How a sample electric company could reduce risk of loss by upgrading performance to industry benchmarks. Competition in electric generation will expose utility costs that exceed those of alternative suppliers. Roughly speaking, these above-market ("transition") costs should track the difference between the new market price and the embedded cost set by traditional cost-of-service regulation.
The problem has attracted no shortage of proposals. They range from opening retail markets immediately (and letting utility shareholders pay all transition costs) to delaying competition (and assigning the bulk of costs to ratepayers). But what's missing in the debate is how specific proposals will affect transition costs.
For instance, if a utility looks for expenses to cut, where should it begin? With generation, operating and maintenance (O&M), or administrative and general (A&G) costs? Or perhaps customer service or purchased power?
To examine the potential of cost reductions, we studied various mitigation strategies designed largely to raise company performance to industry benchmarks in certain cost categories. We tested real-world numbers taken from an actual utility. For activities other than generation, we found that A&G offered the greatest potential to mitigate transition costs, followed by customer service. O&M for distribution and transmission lagged a bit in potential for our sample utility. For utility-owned generation, nuclear (O&M) costs held substantial opportunities for mitigation (em and not by closing plants, but by reducing expenses to industry benchmarks. Coal (O&M) showed some limited potential, but not oil, natural gas, or hydroelectric generation.

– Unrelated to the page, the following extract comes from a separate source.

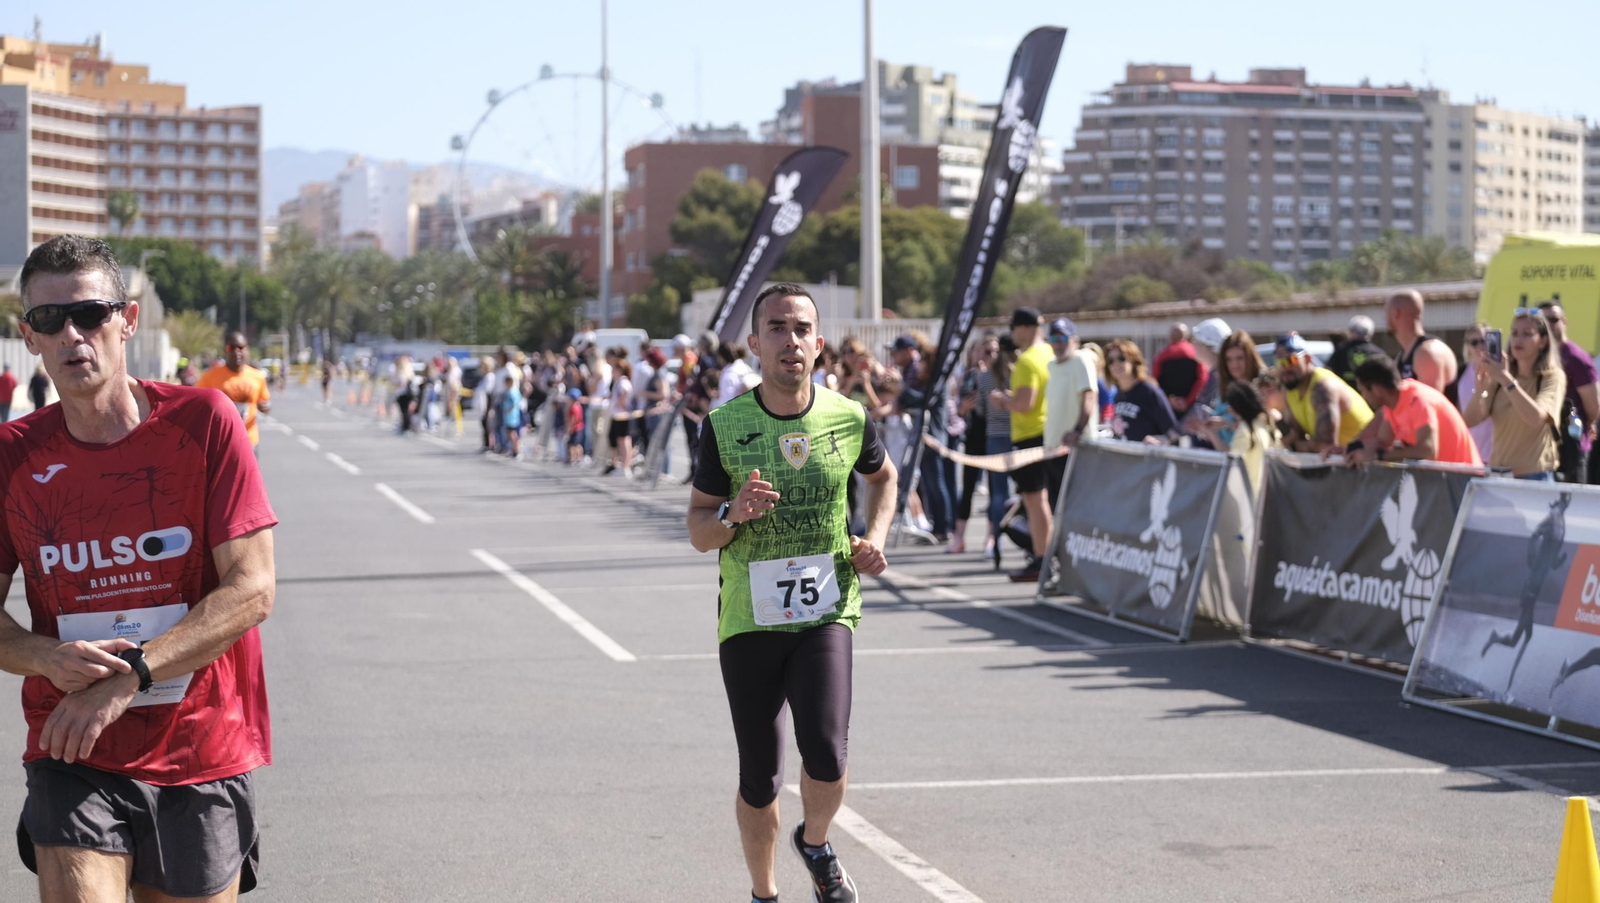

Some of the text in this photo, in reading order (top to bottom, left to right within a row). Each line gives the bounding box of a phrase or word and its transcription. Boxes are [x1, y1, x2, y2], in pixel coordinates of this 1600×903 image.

Finally, our sample utility also showed significant opportunities for mitigating transition costs by reducing expenses for power purchased under "must-take" contracts with qualifying cogeneration or small power production facilities (QFs). These QF opportunities proved greatest in strategies designed to cut energy costs or gain control over QF dispatch. %n1%n
Model and Method
To examine the role that utility cost reductions might play in mitigating transition costs, we used data for the years 1993-94 for an actual utility that faced substantial transition costs in generation, power-purchase contracts, and regulatory assets. We multiplied key data by a fraction to preserve anonymity.
To test each individual strategy we created a base case, computed nominal income losses under a scenario for retail wheeling, and then incorporated each cost-reduction strategy into utility operations and estimated the consequences for shareholders. We calculated the effect of each strategy as the estimated difference in transition costs between the retail wheeling scenario with and without the strategy.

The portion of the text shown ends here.